Rabu, 21 Desember 2016
14 Komentar
“Ibu
cerewet!” teriak si anak. Dia memandang saya. Wajahnya memerah. Nafasnya naik
turun tak beraturan menahan semua rasa jengkel pada saya.
Saya
diam, “Apa salah saya?” Bukankah sudah menjadi rutinitas kita untuk mandi dua
kali sehari. Masak gara-gara diingatkan untuk mandi dia marah. Lha kadang juga
tidak mandi. Kalau anak sedang sakit sih maklum. Tapi kalau terlalu asyik
bermain hingga lupa mandi, apa kata dunia?
Itu
baru satu scene. Saya tidak bisa menghitung banyak lagi scene yang ditolaknya. Padahal
semua itu tentu buat kebaikan dia. Masak sih saya meminta dia melakukan hal-hal
buruk!
Scene
diatas adalah salah satu contoh ketidaksetujuan si anak terhadap perintah ibu. Ada
banyak scene dalah kehidupan ini yang sering bersinggungan. Entah akhirnya si
anak menyerah dan patuh atau kadang sebaliknya. Tapi seorang ibu toh tetap saja
mengingatkan.
Ingatan
saya kemudian berpetualang masa lalu. Apakah saya juga seperti si anak. Wah
kena karma dong! Eit, saya cuma ingin mengingat saja. Apakah almarhumah ibu
saya juga seperti saya. Selalu mengingatkan Entah saya mau melakukan atau
tidak. Entah saya ikhlas ataupun jengkel bukan kepalang. Entah saya cemberut
atau ceria.
Ternyata
memang seperti ini menjadi seorang ibu. Sudah mengingatkan baik-baik eh si anak
malah salah paham. Dikiranya marah-marah terus.

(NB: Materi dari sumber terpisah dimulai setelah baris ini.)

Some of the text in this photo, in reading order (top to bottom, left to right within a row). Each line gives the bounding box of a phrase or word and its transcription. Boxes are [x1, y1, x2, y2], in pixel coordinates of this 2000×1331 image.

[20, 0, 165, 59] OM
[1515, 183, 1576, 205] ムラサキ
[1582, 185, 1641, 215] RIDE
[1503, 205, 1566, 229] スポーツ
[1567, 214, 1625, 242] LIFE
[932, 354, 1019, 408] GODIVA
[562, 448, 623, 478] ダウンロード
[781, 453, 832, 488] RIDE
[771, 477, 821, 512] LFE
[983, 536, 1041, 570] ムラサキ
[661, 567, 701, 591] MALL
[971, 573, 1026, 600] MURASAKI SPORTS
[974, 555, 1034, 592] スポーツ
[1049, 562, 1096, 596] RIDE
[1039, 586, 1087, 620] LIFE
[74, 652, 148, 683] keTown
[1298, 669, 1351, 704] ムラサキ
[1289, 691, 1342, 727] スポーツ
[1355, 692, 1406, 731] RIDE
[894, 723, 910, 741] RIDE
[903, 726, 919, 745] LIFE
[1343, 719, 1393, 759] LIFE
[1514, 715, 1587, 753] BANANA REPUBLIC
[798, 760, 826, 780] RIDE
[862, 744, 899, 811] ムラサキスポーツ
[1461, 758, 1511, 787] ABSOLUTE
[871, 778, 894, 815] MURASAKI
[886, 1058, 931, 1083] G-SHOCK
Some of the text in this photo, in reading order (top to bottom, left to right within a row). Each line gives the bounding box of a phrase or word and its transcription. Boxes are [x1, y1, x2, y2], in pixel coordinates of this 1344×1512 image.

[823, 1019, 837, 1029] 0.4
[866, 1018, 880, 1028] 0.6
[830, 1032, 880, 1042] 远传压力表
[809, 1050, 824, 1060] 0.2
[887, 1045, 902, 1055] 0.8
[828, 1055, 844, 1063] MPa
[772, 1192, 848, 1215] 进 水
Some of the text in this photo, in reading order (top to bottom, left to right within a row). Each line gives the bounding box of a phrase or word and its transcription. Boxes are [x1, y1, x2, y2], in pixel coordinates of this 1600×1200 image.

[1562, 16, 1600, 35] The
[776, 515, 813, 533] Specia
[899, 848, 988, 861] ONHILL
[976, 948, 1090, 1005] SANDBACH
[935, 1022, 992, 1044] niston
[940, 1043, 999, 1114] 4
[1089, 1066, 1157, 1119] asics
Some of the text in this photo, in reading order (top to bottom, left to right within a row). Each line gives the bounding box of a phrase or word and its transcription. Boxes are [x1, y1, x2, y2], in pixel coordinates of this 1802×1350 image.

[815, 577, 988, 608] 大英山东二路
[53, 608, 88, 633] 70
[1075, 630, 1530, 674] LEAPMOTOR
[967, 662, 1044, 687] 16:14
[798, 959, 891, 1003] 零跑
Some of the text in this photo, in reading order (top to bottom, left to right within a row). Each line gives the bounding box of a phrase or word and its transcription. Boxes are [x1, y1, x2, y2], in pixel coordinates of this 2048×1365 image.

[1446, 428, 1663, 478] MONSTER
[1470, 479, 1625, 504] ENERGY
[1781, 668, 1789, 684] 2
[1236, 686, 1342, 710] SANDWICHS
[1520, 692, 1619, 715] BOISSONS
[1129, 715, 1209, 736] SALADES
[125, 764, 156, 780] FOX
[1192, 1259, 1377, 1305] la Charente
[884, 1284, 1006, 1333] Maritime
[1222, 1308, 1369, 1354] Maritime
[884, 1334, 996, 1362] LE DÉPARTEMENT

“Jangan lelah untuk mengingatkan,” kata ustadz
ketika saya hendak mengambil rapor anak. Dan ini berlaku untuk semua anak.
Saya
merasa si anak sudah mandiri, sudah mengerti apa saja yang menjadi rutinitas
dan tanggung jawabnya. Tapi ada saat-saat tertentu tetap membutuhkan uluran
tangan, minimal mengingatkan. Kadang saya merasa seperti alarm jam. Ya, alarm
gunanya sebagai pengingat kapan kita mesti bangun dan beraktivitas sesuai
dengan jadwal. Kapan kita membuat pencapaian dalam hidup ini dan kapan kita
harus berjuang merealisasikannya.
Dan
ibu saya adalah orang yang tak pernah lelah mengingatkan. Meskipun saya merasa
bosan mendengarnya, (jujur banget nih), tapi yang dikatakan ibu adalah benar
adanya.
Kata-kata
ibu adalah pengingat. Tak lelah, tak usai meski saya telah beranjak dewasa. Di mata
orang tua, anak tetaplah anak. Tak peduli usia telah merambat. Kasih sayang tak
bertepi itulah yang mendorong ibu untuk terus mengingatkan anak-anak. Ya, mengingatkan untuk hal-hal yang baik.
Cerewet
itu mungkin karena anak dan ibu berbeda sudut pandang saja. Jika masing-masing
bisa saling menyadari mungkin apa yang disampaikan ibu kepada anaknya bisa
dimengerti. Dan tentu saja daya nalar anak berbeda dengan ibu. Masa kanak-kanak
diwarnai dengan kegiatan suka-suka dan belum bisa memikul tanggung jawab.
Kalau
mau mandi ya mandi, minimal karena mau sekolah. Kalau liburan boleh malas
mandi. Begitulah anak-anak. Tidak ada alasan logis. Bukan karena rutinitas
ataupun tanggung jawab untuk membersihkan anggota badan, semuanya karena aku
mau maka aku mandi. Kok jadi begini ya?
Inilah
satu tugas mulai seorang ibu untuk menjadi pengingat ala jam beker. Menjadi salah
satu sumber semangat buat anak-anak. Bukan saja untuk urusan mandi, tapi banyak
lagi. Termasuk untuk mengenalkan kewajiban seorang muslim kepada anak.
“Jangan
lelah untuk mengingatkan!” Saya akan mengingat kata-kata itu. Semoga semua
dimudahkan. Karena anak-anak adalah tanggung jawab ibu. Di tangannya terbentang
masa depan.
Ada
banyak kisah tentang ibu. Saya merasa ibu adalah spesial. Ibu adalah nikmat
yang indah buat anak-anaknya. Ibulah yang berjuang melahirkan, merawat dan
mendidik saya. Kasih sayangnya, kebaikannya, semua lelahnya, jasa-jasanya tak
mampu saya balas. Doa tulus semoga Allah mengampuni segala dosanya dan meridhoi
semua amal baiknya. Aamiin.
^_^
benar mba.. mengingatkan..cerewet..penting bagi seorang ibu.., duh jadi terinspirasi pengen nulis begini juga..., boleh ya mba... he2
BalasHapusSilakan mba Nova.
HapusWajar kok mbaaak. . Saya juga melabeli ibuk saya cerewet. Karena cerewet tanda sayang, biar lebih teratur, terdidik dan disiplin. Itu kata ibuk saya. Nanti lama kelamaan juga mengerti. Butuh waktu saja 😁
BalasHapusNoted, mba.
HapusHihihi... Mama saya termasuk yang tidak cerewet menurut saya.
BalasHapus.
Tapi tatapannya wwwhiiiiiii... saya langsung takluk dah...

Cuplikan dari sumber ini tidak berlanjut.